Rationale
For a program point where we cannot reason about incoming dataflow (e.g. an argument of an entry block), the framework needs to initialize the state.
Currently, AbstractSparseDataFlowAnalysis initializes such state to the "pessimistic fixpoint", and AbstractDenseDataFlowAnalysis calls the state's reset() function.
However, entry states aren't necessarily the pessimistic fixpoint. Example: in reaching definition, the pessimistic fixpoint is {all definitions}, but the entry state is {}.
This awkwardness might be why the dense analysis API currently uses reset() instead of markPessimisticFixpoint().

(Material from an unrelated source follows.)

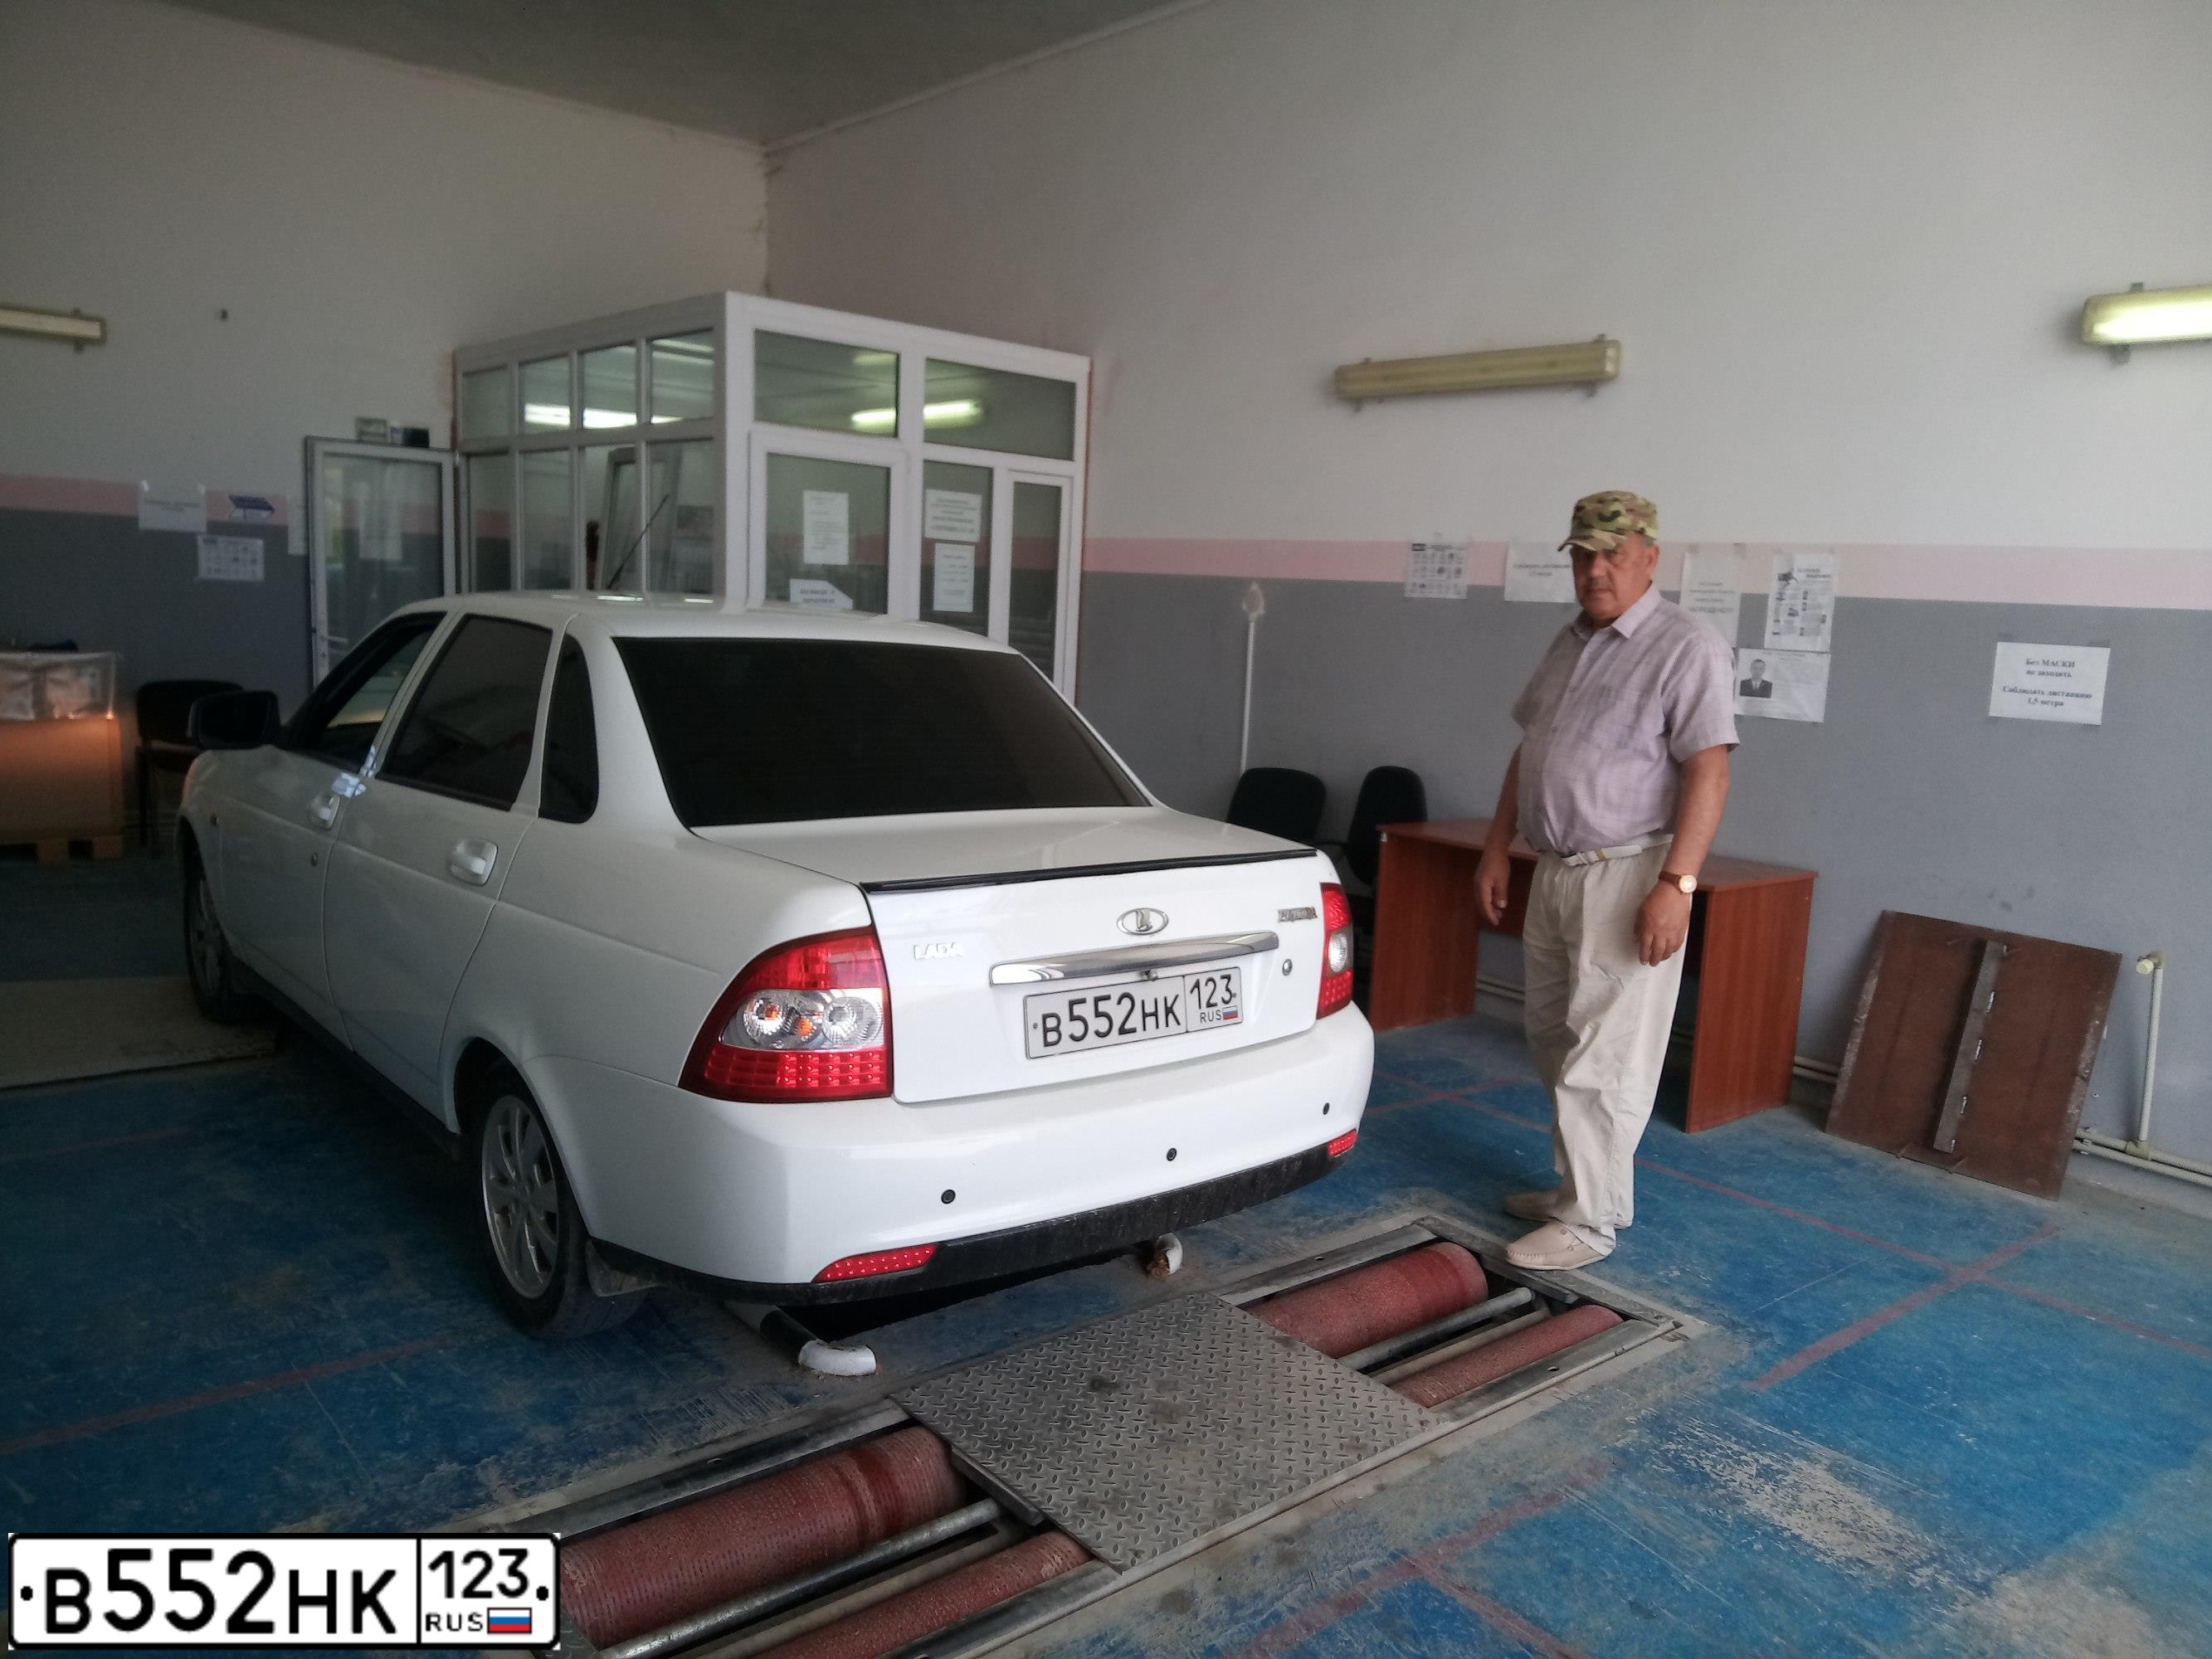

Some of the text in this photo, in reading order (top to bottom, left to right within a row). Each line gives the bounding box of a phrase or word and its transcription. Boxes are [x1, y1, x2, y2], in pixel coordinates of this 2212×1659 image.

This patch consolidates entry point initialization into a single function setToEntryState().
API Location
Note that setToEntryState() is defined in the analysis rather than the lattice, so that we allow different analyses to use the same lattice but different entry states.
Removal of the concept of optimistic/known value
The concept of optimistic/known value is too specific to SCCP.
Furthermore, the known value is not really used: In the current SCCP implementation, the known value (pessimistic fixpoint) is always Attribute{} (non-constant). This means there's no point storing a knownValue in each state.
If we do need to re-introduce optimistic/known value, we should put it in the SCCP analysis, not the sparse analysis API.
Terminology
Please let me know if "entry state" is a good terminology.
I chose "entry" from Wikipedia (https://en.wikipedia.org/wiki/Data-flow_analysis#Basic_principles).
Another term I can think of is "boundary" (https://suif.stanford.edu/~courses/cs243/lectures/L3-DFA2-revised.pdf) which might be better since it also makes sense for backward analysis.
Nit: I would call it getUnknownConstant